Gitab shows for every Kile merge request cppcheck's code quality scan results
 

This does not mean Kile having 300 bugs! Most findings are harmless, but some real issues might hide between all these findings. Since June I reduced the number of cppcheck findings by almost 200. Thereby, we improved some bad code style and even found real bugs.

Unused variables or unused assigned values

Unused variables are variables that are in the code but are not used. Closely related are cases of assigned values, that are never used after the assignment. This should not happen, often it is a result of code changes with no longer variables or assignments left. I removed 17 such cases, and it makes the code clearer to understand.

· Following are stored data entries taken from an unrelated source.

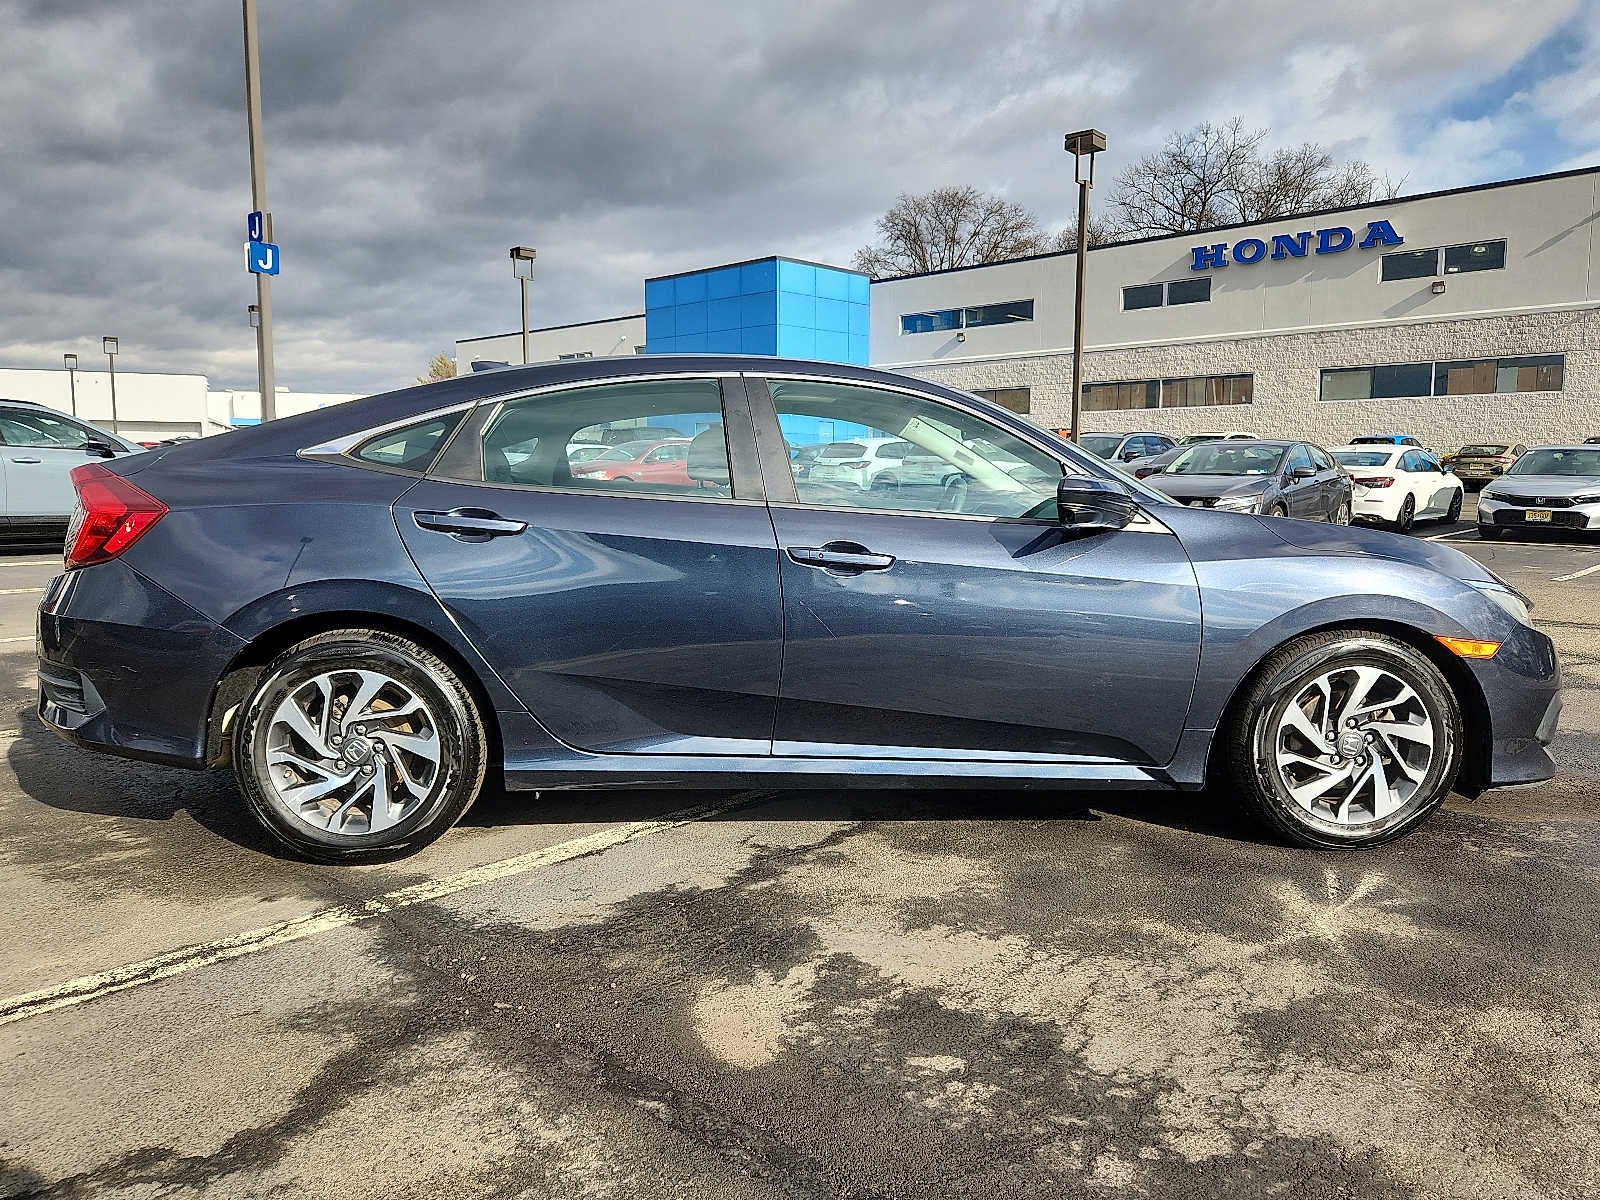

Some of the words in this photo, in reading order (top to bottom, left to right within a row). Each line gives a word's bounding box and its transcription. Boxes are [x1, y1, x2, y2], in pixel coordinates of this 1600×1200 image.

[252, 216, 260, 238] J
[1190, 219, 1404, 270] HONDA
[258, 248, 273, 270] J
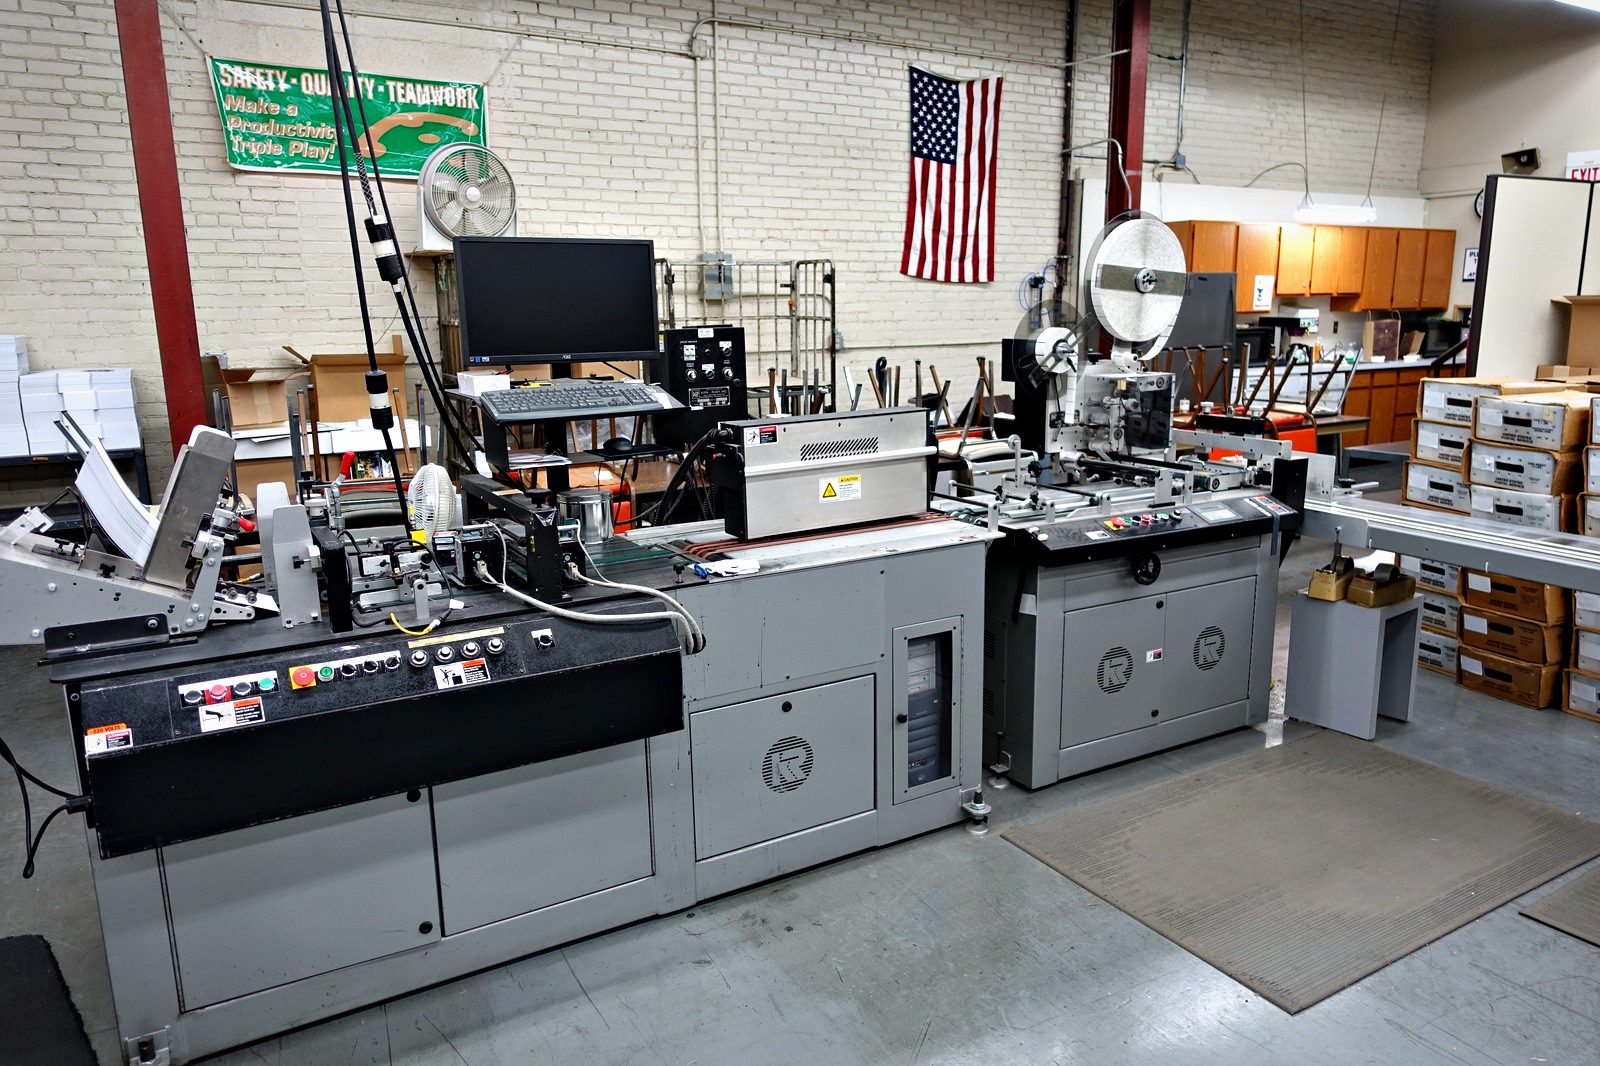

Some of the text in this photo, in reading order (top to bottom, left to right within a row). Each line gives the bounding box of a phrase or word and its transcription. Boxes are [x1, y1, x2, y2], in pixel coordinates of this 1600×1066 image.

[219, 63, 288, 92] SAFETY
[386, 80, 480, 109] TEAMWORK
[224, 94, 298, 116] Make a
[231, 134, 336, 162] Triple Play!

Case closed? Not so fast. In one instance, it revealed a tiny bug.

01 QString icon;
02 if (ext == "application-x-bzdvi" ) {
03     icon = ext;
04 }
05 else if( ext == "htm" || ext == "html" ) {
06     icon = "text-html";
07 }
08 else if(ext == "pdf" ) {
09     icon = "application-pdf";
10 }
11 else if( ext == "txt") {
12     ext = "text-plain";
13 }
[..]
22 else {
23     icon = "text-plain";
24 }
25 return icon;

Cppcheck complained that in line 12 the variable ext gets assigned a value that is never used. Well, yes, because the value should be assigned to icon like in the other if branches. After fixing, text files gained an icon in Kile's documentation browser.

Document browser has now icons for text files, too. The light gray color is a new feature independent of the issue at hand.

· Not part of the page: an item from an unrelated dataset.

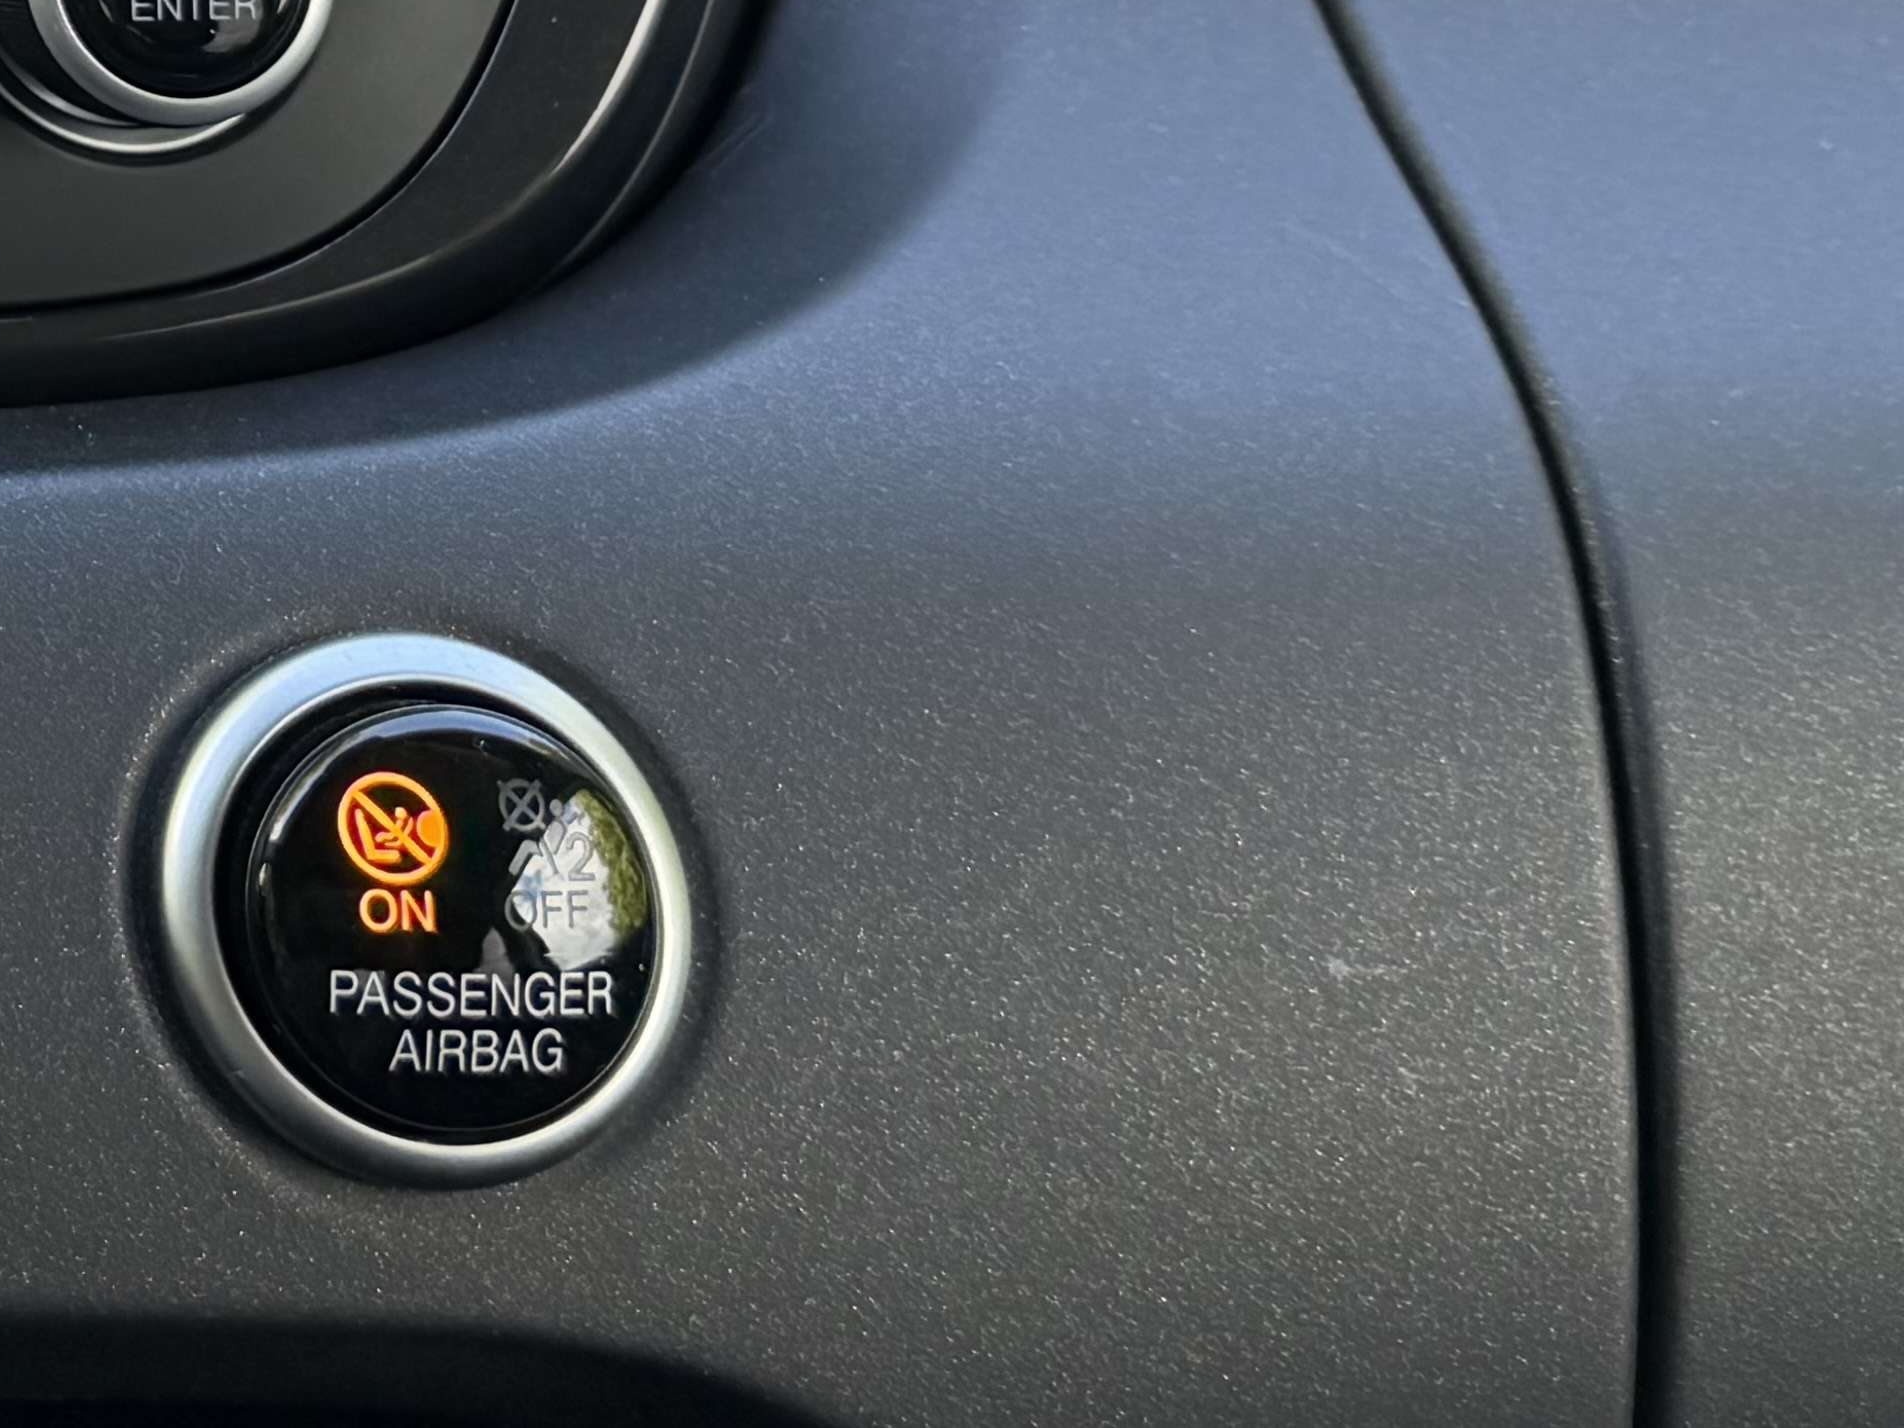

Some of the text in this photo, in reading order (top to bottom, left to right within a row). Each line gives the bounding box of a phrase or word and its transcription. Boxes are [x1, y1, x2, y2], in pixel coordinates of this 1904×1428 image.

Another bug went unnoticed by me, but Kile's maintainer Michel spotted it.

01 //both exist, take most recent
02 if(read1 && read2) {
03     read1 = file1.lastModified() > file2.lastModified();
04     read2 = !read1;
05 }
06
07 if(read1) {
08     dir = S();
09     trg = "index.html";
10
11    translate(dir);
12    setRelativeBaseDir(dir);
13    translate(trg);
14     setTarget(trg);
15 }

Cppchechk warned that in line 4 the value assigned to read2 is never used. I removed the line, but the actual fix was adding an else(read2) branch. This case was forgotten and spotted with a careful review of cppcheck's findings.

C-style pointer castings

C-style castings are tricky, as they are sometimes a promise from the programmer that the types are compatible and the compiler has no way of checking. With C++ there are five (!) different type of casts, many are not dangerous as the compiler can check the compatibility of what the programming is asking for. For more details, see a blog post from Anteru explaining more details.

Six cases of C-style pointer castings were not necessary and could be dropped. Twelve more could be replaced by C++'s static_casts, ensuring all safety checks from C++ are applied.

Other improvements

Many other improvements made the code more beautiful, like having variable scopes reduced as much as possible. This leads to variables that are only known inside a loop, and that variable declaration and its use stay closer together.

In one case cppcheck found a potential memory leak as a variable was created with new whenever the surrounding method was called, but the object was never deleted.

Two for loops with iterators could be slightly simplified by range-based for loops. The latter prevents off-by-one errors and expresses the intend more direct.

That is all?

I fixed only some of the most obvious findings. I spared the complicated ones, as my understand of Kile's code base is still limited. Further, I did not want to introduce new bugs to not endanger the hopefully upcoming release.

In the remaining cppcheck findings are some more potential bugs, their description looks promising.

 

Have a look at cppcheck findings yourself!

I can recommend to examine cppcheck findings for your project's, too. At first, it might look like a cumbersome task. I am sure it is worth the effort.

Fixing cppcheck findings is also a good junior job to get in touch with the development of your pet part of KDE. Start with some, not too many at once, trivial fixes and follow the feedback from the maintainer. My experience with Kile was pleasant, thanks Michel!